◆ Exercise brief
Set each entry down verbatim, omitting images.

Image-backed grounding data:
====================

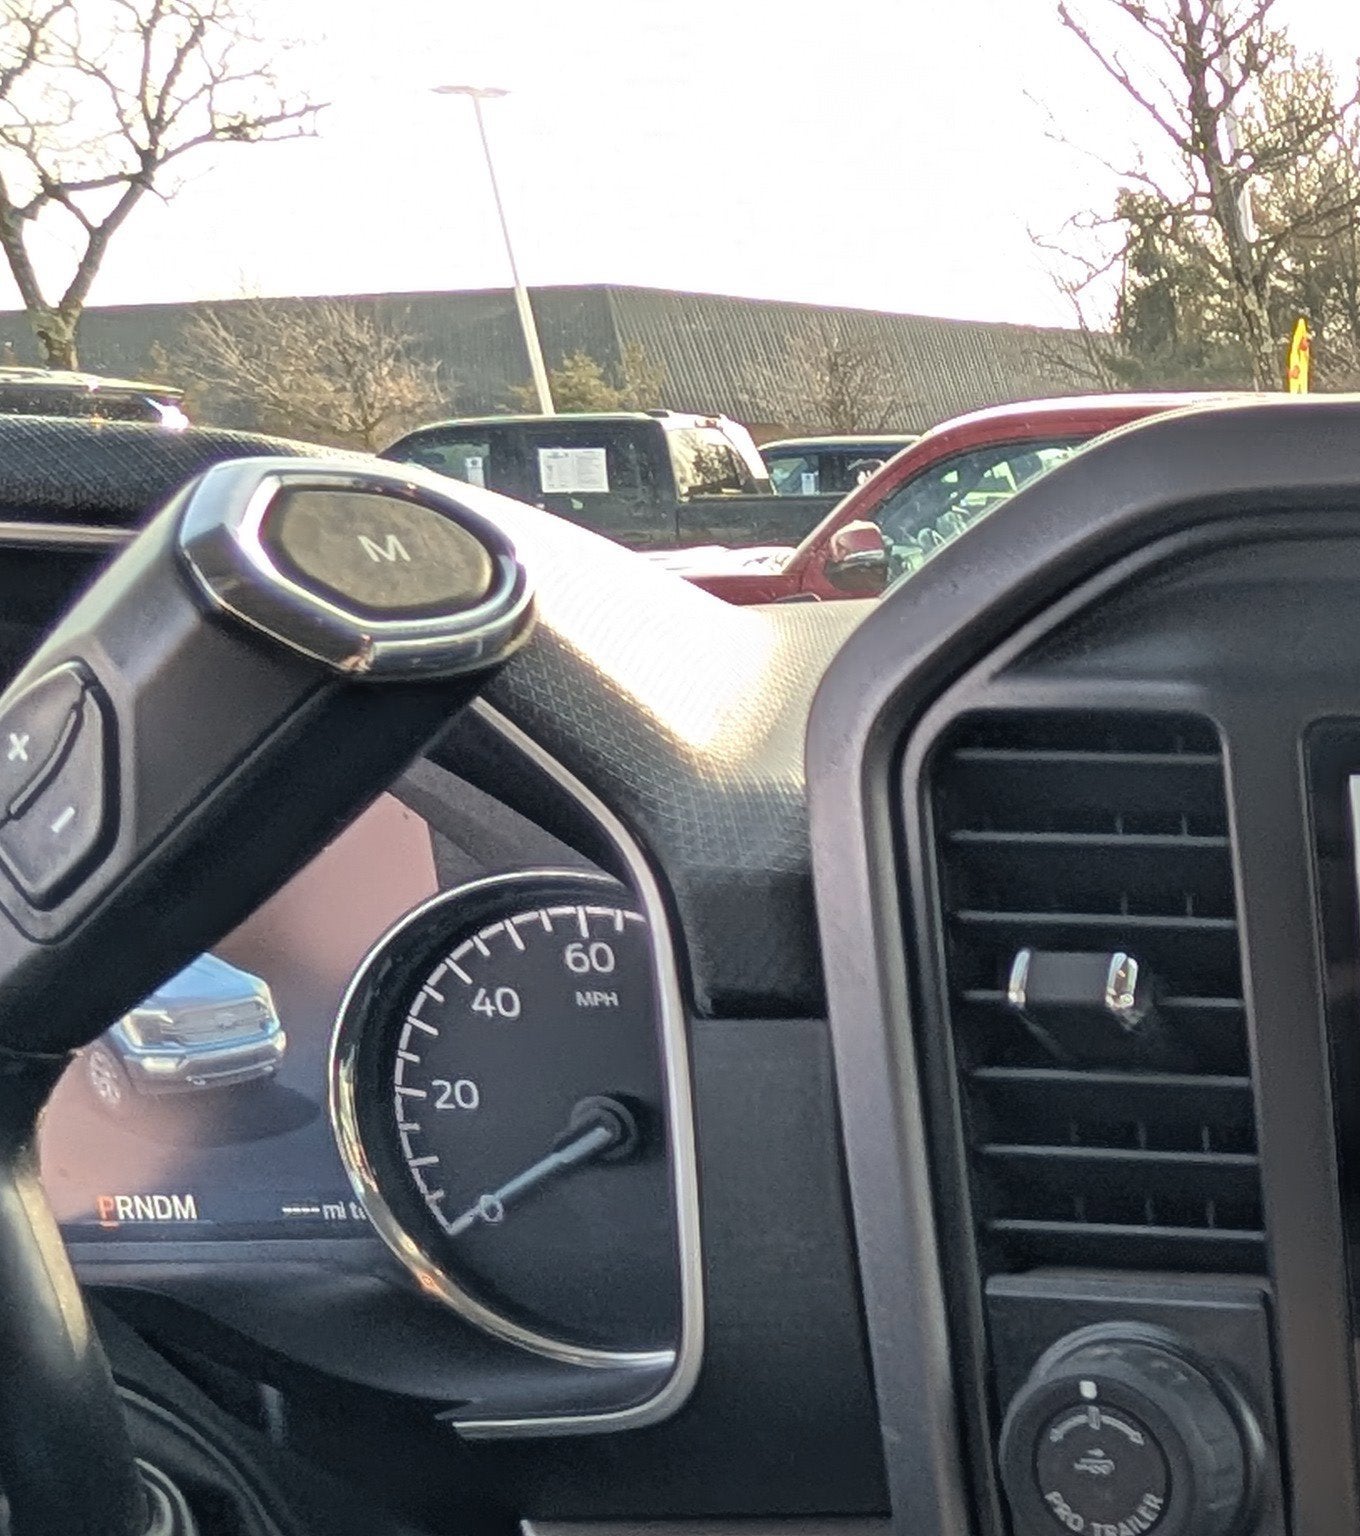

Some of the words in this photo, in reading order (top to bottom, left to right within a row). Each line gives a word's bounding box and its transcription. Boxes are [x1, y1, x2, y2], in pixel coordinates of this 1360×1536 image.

[565, 943, 614, 974] 60
[472, 987, 521, 1019] 40
[575, 992, 619, 1007] MPH
[432, 1080, 480, 1109] 20
[478, 1195, 503, 1223] 0

====================

◆ Response area
Some of the words in this photo, in reading order (top to bottom, left to right within a row). Each line gives a word's bounding box and its transcription. Boxes are [x1, y1, x2, y2], in pixel coordinates of this 1360×1536 image.

[565, 943, 614, 974] 60
[472, 987, 521, 1019] 40
[575, 992, 619, 1007] MPH
[432, 1080, 480, 1109] 20
[478, 1195, 503, 1223] 0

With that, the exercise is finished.